### Work order
Please output the entries that follow exactly, without a single image.

──────── The data

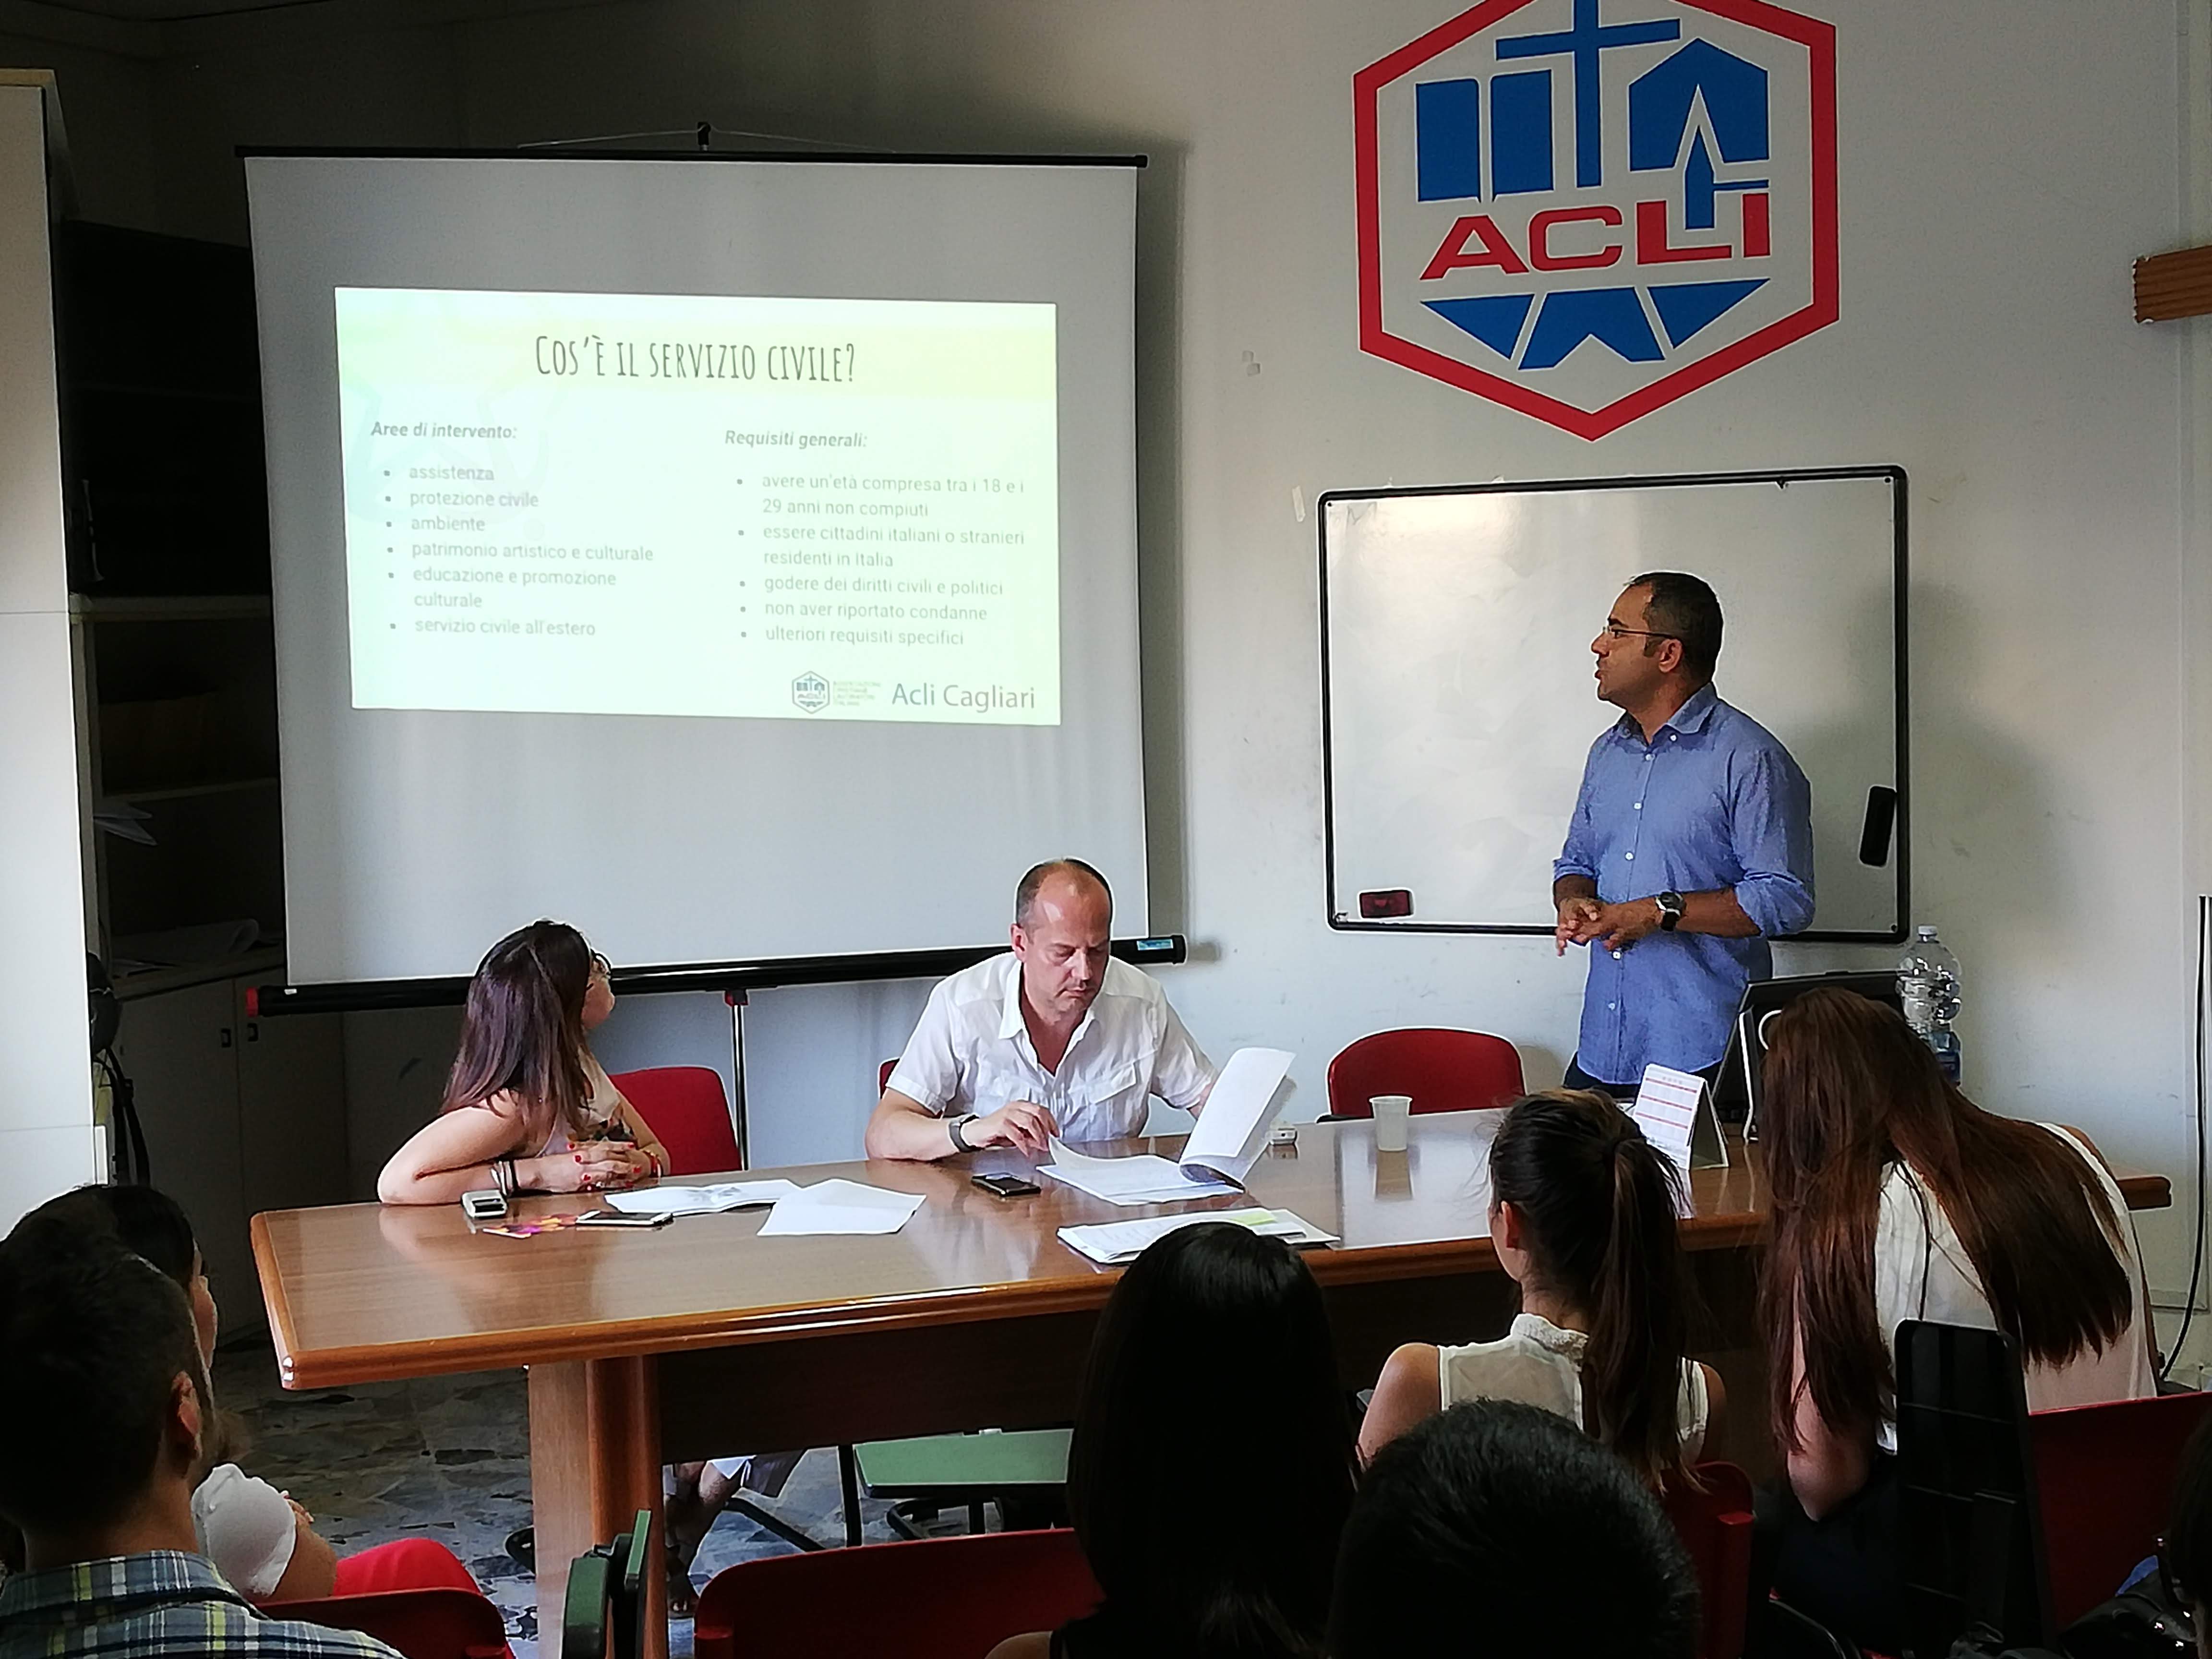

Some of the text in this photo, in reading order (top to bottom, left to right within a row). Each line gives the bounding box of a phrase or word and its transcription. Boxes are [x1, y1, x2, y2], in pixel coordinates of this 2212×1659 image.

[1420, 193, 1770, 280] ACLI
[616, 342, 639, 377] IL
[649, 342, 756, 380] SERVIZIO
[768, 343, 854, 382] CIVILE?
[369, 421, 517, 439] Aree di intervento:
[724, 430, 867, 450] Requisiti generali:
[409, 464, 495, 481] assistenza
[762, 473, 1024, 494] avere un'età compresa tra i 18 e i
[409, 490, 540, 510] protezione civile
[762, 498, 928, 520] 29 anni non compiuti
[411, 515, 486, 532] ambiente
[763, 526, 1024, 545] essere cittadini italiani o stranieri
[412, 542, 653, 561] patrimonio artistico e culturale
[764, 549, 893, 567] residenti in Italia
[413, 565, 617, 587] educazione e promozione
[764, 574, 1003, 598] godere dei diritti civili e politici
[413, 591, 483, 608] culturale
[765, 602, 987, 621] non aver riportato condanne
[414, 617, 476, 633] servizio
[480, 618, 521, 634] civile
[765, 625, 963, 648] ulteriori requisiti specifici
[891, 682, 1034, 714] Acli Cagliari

────────────────

### Result of the exercise
Some of the text in this photo, in reading order (top to bottom, left to right within a row). Each line gives the bounding box of a phrase or word and its transcription. Boxes are [x1, y1, x2, y2], in pixel coordinates of this 2212×1659 image.

[1420, 193, 1770, 280] ACLI
[616, 342, 639, 377] IL
[649, 342, 756, 380] SERVIZIO
[768, 343, 854, 382] CIVILE?
[369, 421, 517, 439] Aree di intervento:
[724, 430, 867, 450] Requisiti generali:
[409, 464, 495, 481] assistenza
[762, 473, 1024, 494] avere un'età compresa tra i 18 e i
[409, 490, 540, 510] protezione civile
[762, 498, 928, 520] 29 anni non compiuti
[411, 515, 486, 532] ambiente
[763, 526, 1024, 545] essere cittadini italiani o stranieri
[412, 542, 653, 561] patrimonio artistico e culturale
[764, 549, 893, 567] residenti in Italia
[413, 565, 617, 587] educazione e promozione
[764, 574, 1003, 598] godere dei diritti civili e politici
[413, 591, 483, 608] culturale
[765, 602, 987, 621] non aver riportato condanne
[414, 617, 476, 633] servizio
[480, 618, 521, 634] civile
[765, 625, 963, 648] ulteriori requisiti specifici
[891, 682, 1034, 714] Acli Cagliari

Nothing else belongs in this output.